┌────────

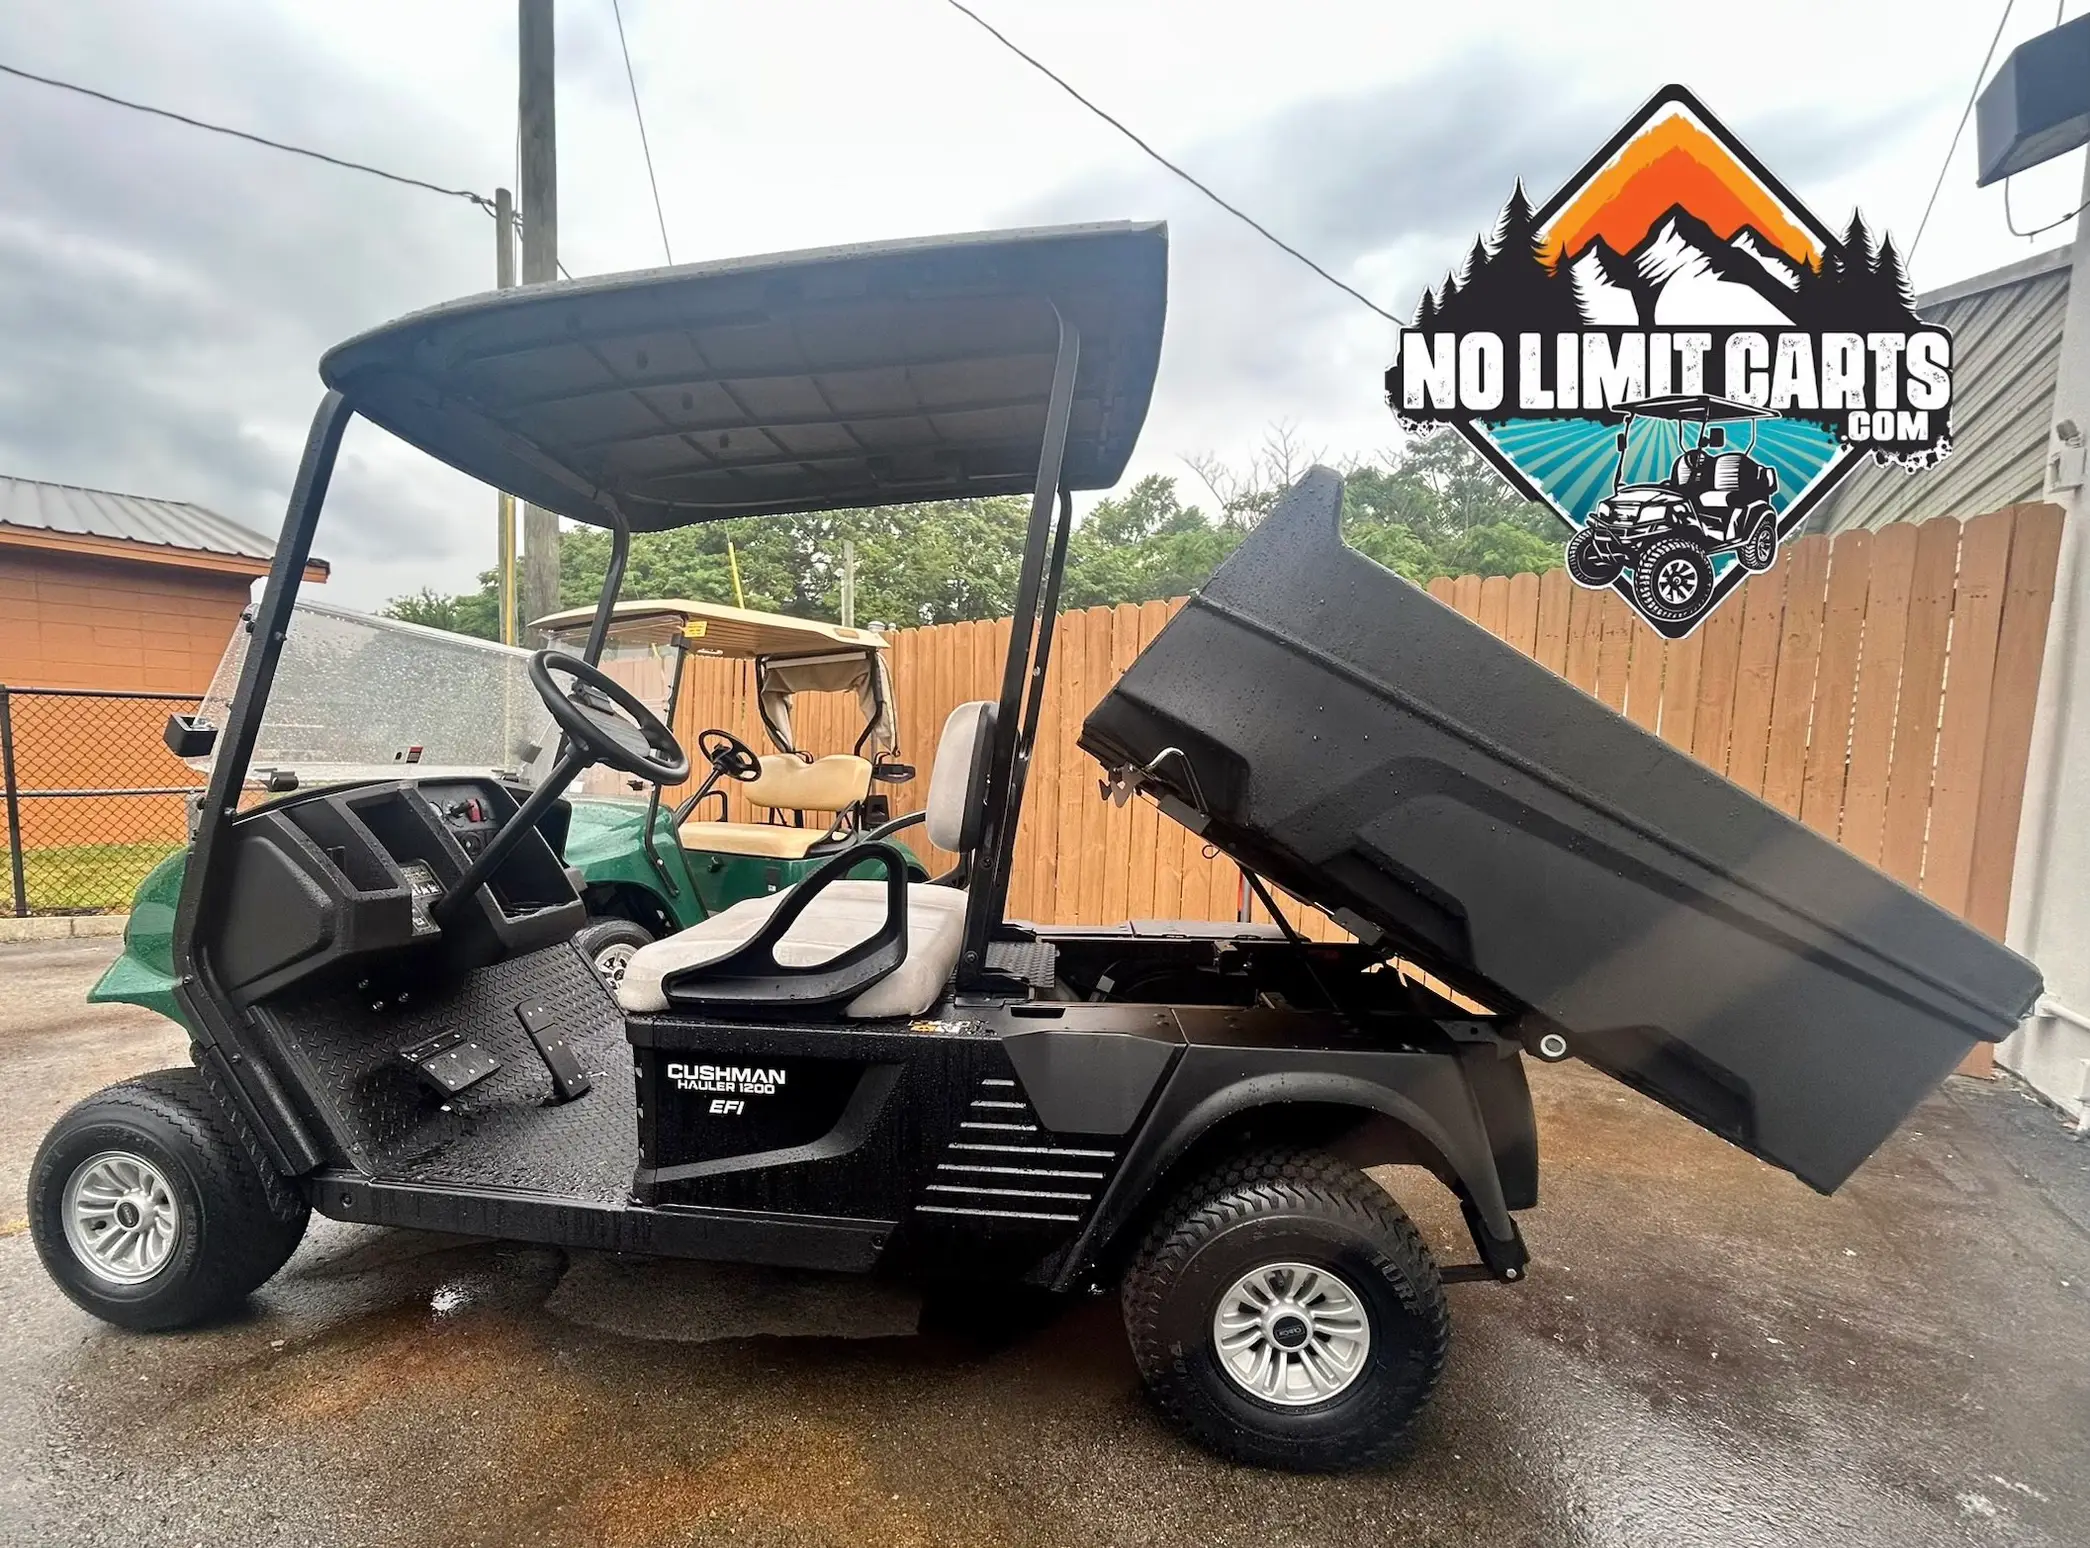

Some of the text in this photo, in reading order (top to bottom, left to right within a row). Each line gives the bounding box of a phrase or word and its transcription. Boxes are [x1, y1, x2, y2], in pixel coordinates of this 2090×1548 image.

[667, 1063, 786, 1085] CUSHMAN
[677, 1079, 776, 1095] HAULER 1200
[709, 1099, 745, 1116] EFI
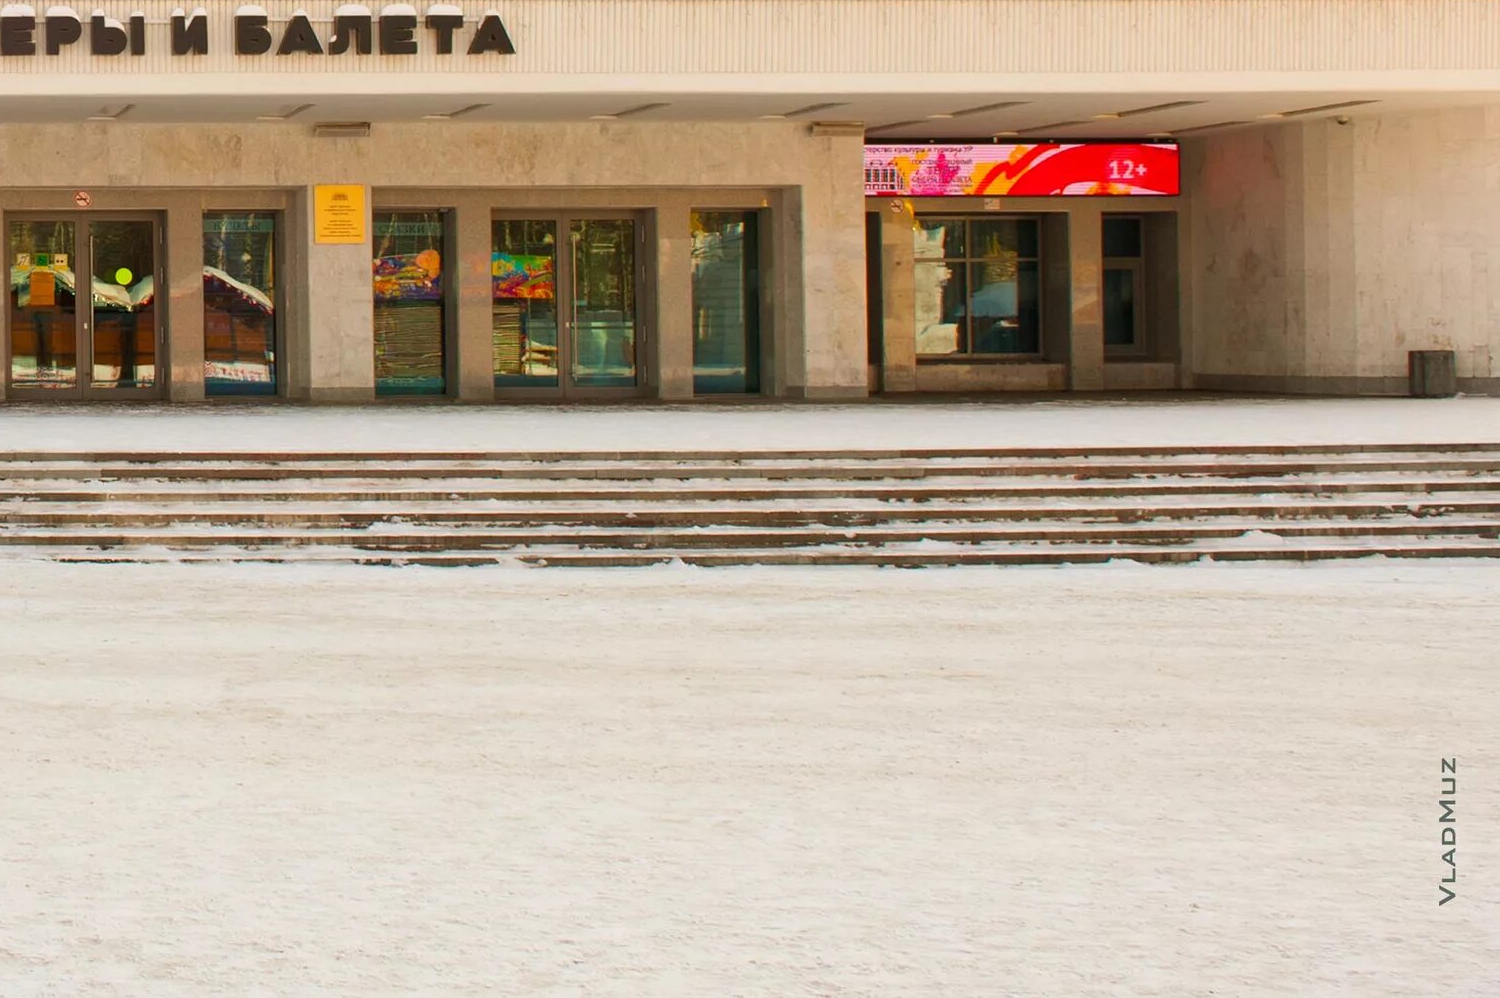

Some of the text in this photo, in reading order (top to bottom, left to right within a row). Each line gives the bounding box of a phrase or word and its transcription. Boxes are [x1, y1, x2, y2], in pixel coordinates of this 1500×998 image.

[171, 14, 209, 56] И
[234, 14, 517, 57] БАЛЕТА
[1109, 160, 1148, 179] 12+

└────────

**Task prompt:**
Exactly as written, please copy out the whole set of records, skipping images.

**Answer section:**
Some of the text in this photo, in reading order (top to bottom, left to right within a row). Each line gives the bounding box of a phrase or word and its transcription. Boxes are [x1, y1, x2, y2], in pixel coordinates of this 2090×1548 image.

[667, 1063, 786, 1085] CUSHMAN
[677, 1079, 776, 1095] HAULER 1200
[709, 1099, 745, 1116] EFI

Some of the text in this photo, in reading order (top to bottom, left to right within a row). Each line gives the bounding box of a phrase or word and its transcription. Boxes are [x1, y1, x2, y2], in pixel coordinates of this 1500×998 image.

[171, 14, 209, 56] И
[234, 14, 517, 57] БАЛЕТА
[1109, 160, 1148, 179] 12+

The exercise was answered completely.